- **Instructions to follow**: Retype the whole listing below precisely.
-- Given data follows --
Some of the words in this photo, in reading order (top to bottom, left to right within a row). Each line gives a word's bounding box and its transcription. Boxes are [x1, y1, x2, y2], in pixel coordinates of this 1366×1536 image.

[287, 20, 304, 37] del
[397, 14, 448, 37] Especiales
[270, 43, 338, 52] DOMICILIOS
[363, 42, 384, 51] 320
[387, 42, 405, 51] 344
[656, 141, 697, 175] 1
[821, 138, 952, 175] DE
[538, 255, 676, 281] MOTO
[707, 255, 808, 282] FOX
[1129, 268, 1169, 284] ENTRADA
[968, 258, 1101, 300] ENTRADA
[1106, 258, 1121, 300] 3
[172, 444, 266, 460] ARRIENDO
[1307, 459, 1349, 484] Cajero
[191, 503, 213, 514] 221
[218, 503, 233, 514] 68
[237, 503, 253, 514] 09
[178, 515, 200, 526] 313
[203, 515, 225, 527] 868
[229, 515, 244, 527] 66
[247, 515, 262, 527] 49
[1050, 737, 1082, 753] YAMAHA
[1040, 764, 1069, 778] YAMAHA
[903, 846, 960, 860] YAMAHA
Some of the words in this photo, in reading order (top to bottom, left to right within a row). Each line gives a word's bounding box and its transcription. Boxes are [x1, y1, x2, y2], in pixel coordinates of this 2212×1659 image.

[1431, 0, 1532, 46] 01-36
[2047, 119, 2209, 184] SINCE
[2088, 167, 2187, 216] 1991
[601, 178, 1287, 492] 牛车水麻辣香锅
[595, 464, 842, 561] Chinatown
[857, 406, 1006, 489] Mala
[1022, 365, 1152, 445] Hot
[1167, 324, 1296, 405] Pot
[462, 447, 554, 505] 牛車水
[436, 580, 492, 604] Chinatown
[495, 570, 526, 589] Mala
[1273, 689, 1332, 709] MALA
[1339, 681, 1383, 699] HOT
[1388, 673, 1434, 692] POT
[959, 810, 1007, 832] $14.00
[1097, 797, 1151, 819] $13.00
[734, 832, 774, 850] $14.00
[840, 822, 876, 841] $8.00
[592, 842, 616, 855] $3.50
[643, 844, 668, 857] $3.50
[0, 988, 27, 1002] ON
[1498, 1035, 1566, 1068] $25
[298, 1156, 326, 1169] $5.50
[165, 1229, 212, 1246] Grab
-- Given data concluded --
- **Exercise answer**:
Some of the words in this photo, in reading order (top to bottom, left to right within a row). Each line gives a word's bounding box and its transcription. Boxes are [x1, y1, x2, y2], in pixel coordinates of this 1366×1536 image.

[287, 20, 304, 37] del
[397, 14, 448, 37] Especiales
[270, 43, 338, 52] DOMICILIOS
[363, 42, 384, 51] 320
[387, 42, 405, 51] 344
[656, 141, 697, 175] 1
[821, 138, 952, 175] DE
[538, 255, 676, 281] MOTO
[707, 255, 808, 282] FOX
[1129, 268, 1169, 284] ENTRADA
[968, 258, 1101, 300] ENTRADA
[1106, 258, 1121, 300] 3
[172, 444, 266, 460] ARRIENDO
[1307, 459, 1349, 484] Cajero
[191, 503, 213, 514] 221
[218, 503, 233, 514] 68
[237, 503, 253, 514] 09
[178, 515, 200, 526] 313
[203, 515, 225, 527] 868
[229, 515, 244, 527] 66
[247, 515, 262, 527] 49
[1050, 737, 1082, 753] YAMAHA
[1040, 764, 1069, 778] YAMAHA
[903, 846, 960, 860] YAMAHA
Some of the words in this photo, in reading order (top to bottom, left to right within a row). Each line gives a word's bounding box and its transcription. Boxes are [x1, y1, x2, y2], in pixel coordinates of this 2212×1659 image.

[1431, 0, 1532, 46] 01-36
[2047, 119, 2209, 184] SINCE
[2088, 167, 2187, 216] 1991
[601, 178, 1287, 492] 牛车水麻辣香锅
[595, 464, 842, 561] Chinatown
[857, 406, 1006, 489] Mala
[1022, 365, 1152, 445] Hot
[1167, 324, 1296, 405] Pot
[462, 447, 554, 505] 牛車水
[436, 580, 492, 604] Chinatown
[495, 570, 526, 589] Mala
[1273, 689, 1332, 709] MALA
[1339, 681, 1383, 699] HOT
[1388, 673, 1434, 692] POT
[959, 810, 1007, 832] $14.00
[1097, 797, 1151, 819] $13.00
[734, 832, 774, 850] $14.00
[840, 822, 876, 841] $8.00
[592, 842, 616, 855] $3.50
[643, 844, 668, 857] $3.50
[0, 988, 27, 1002] ON
[1498, 1035, 1566, 1068] $25
[298, 1156, 326, 1169] $5.50
[165, 1229, 212, 1246] Grab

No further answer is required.